You really have to hustle to read that aloud in the approximately 16 seconds that a possession takes—but there is much more happening in those 16 seconds than the announcer has time to describe. You’ll have people trying to get open; defenders trying to cover them. The instant the ball is established in the red zone the coach will begin pointing at one of the goals, and teammates will begin scrambling to get in position to hold the ball. You’re going to develop very quickly a vocabulary of names for plays and names for defenses.

You’re going to have a full palette of statistics, measuring a wide array of skills, and also, you’re going to have footballs being kicked constantly into the crowd, which I think would be fun for the spectators. Of course, the spectators wouldn’t be able to keep the footballs; they’d have to give them back, and the officials would have to have three or four footballs ready to avoid delays between the offensive and defensive sets. I think it would be a fun game to play; I think it would be a fun game to watch. Like basketball, it has skills that you can practice on your own; it has skills that you can only practice with teammates. Since size and strength would not be tremendous advantages, it is likely that the game could be played by men or by women. The only real problem is, it’s hard to see how you can get a foothold for the game in the crowded sports environment that we already have.

Bill James
Ft. Myers, Florida
March 25, 2007
 
 

COMMENTS (1 Comment)

cderosa
Dear Bill,
Very imaginative. I think it sounds like fun--kind of a cross between street football played between two telephone poles and that Team Handball thing you'd play in gym sometimes. Trying to imagine playing it, I have three reactions:

1) A significant pleasure of playing quarterback is throwing on the run. To try to incorporate that, I would suggest starting a set by having a player inbound from behind the green zone and allowed to move behind that line.

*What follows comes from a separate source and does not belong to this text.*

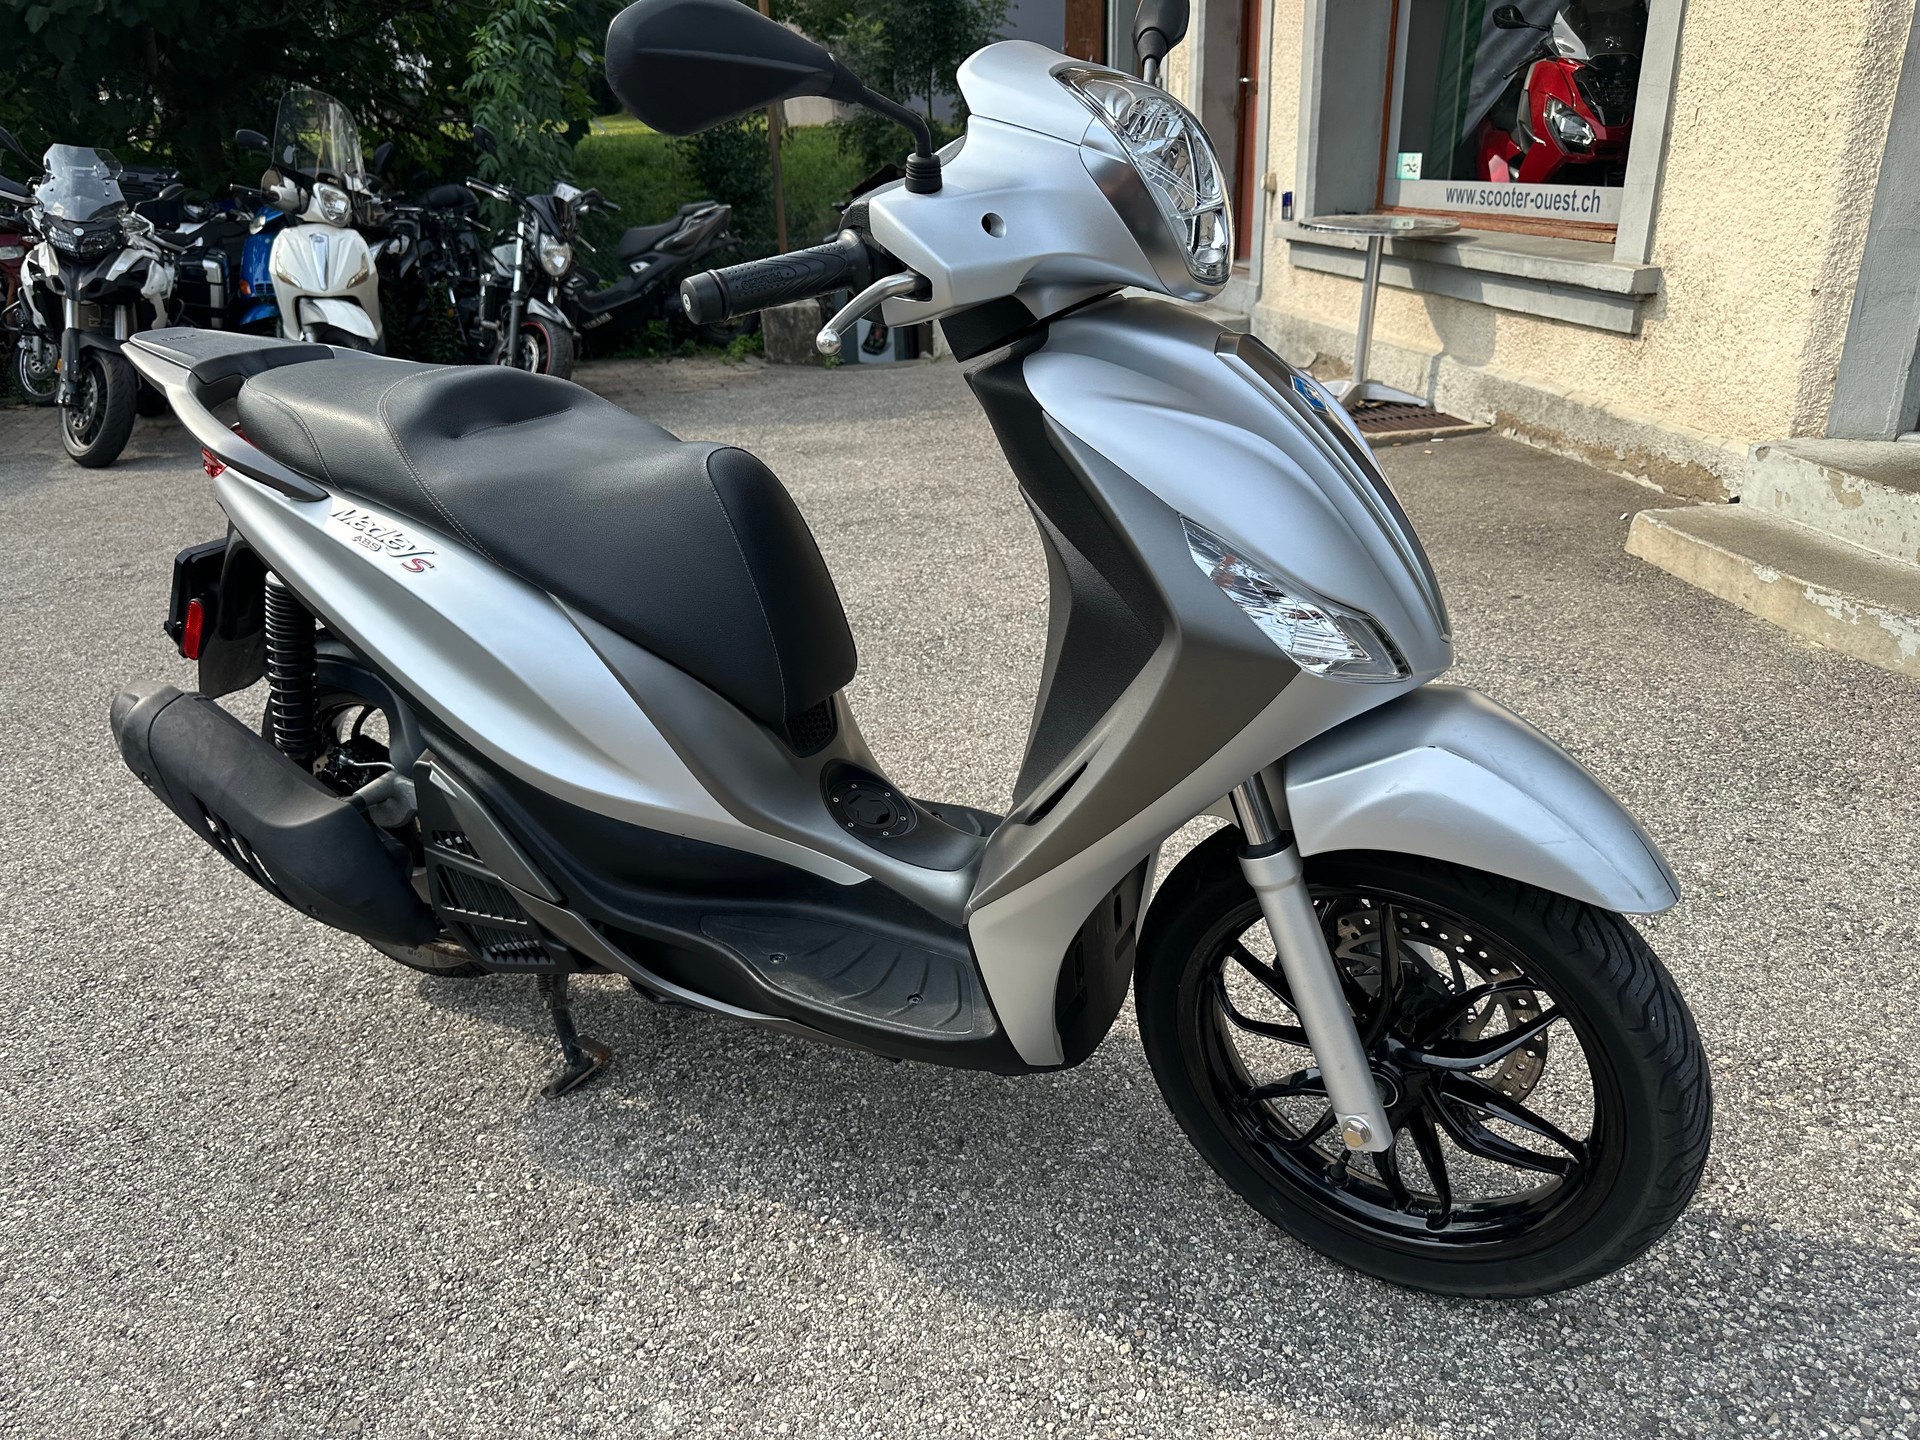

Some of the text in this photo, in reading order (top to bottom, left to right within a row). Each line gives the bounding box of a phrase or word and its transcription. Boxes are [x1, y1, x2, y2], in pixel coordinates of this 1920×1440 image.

[1446, 187, 1601, 213] www.scooter-ouest.ch
[330, 509, 436, 573] Medley S
[352, 535, 382, 552] ABS

2) I think the pointing to a receiver sounds awkward, cumbersome, and subject to all manner of bullshit, including "Did he really point, or was that just an arm movement?" "He kind of pointed in between them," "She deked her with a fake-point" "He was whistled for a sweeping point, and the Synergy coach is enraged!" and "She pointed just as they crossed each other, Ralph, so it is hard to say who she meant to designate." I would junk the pointing altogether.

3) Not as confident about this one, but I think you'd get a more natural flow to the game if the last receiver was the designated holder rather than the kicker, and the designated kicker for each set was the player who inbounded the ball (giving each player 12 chances to score).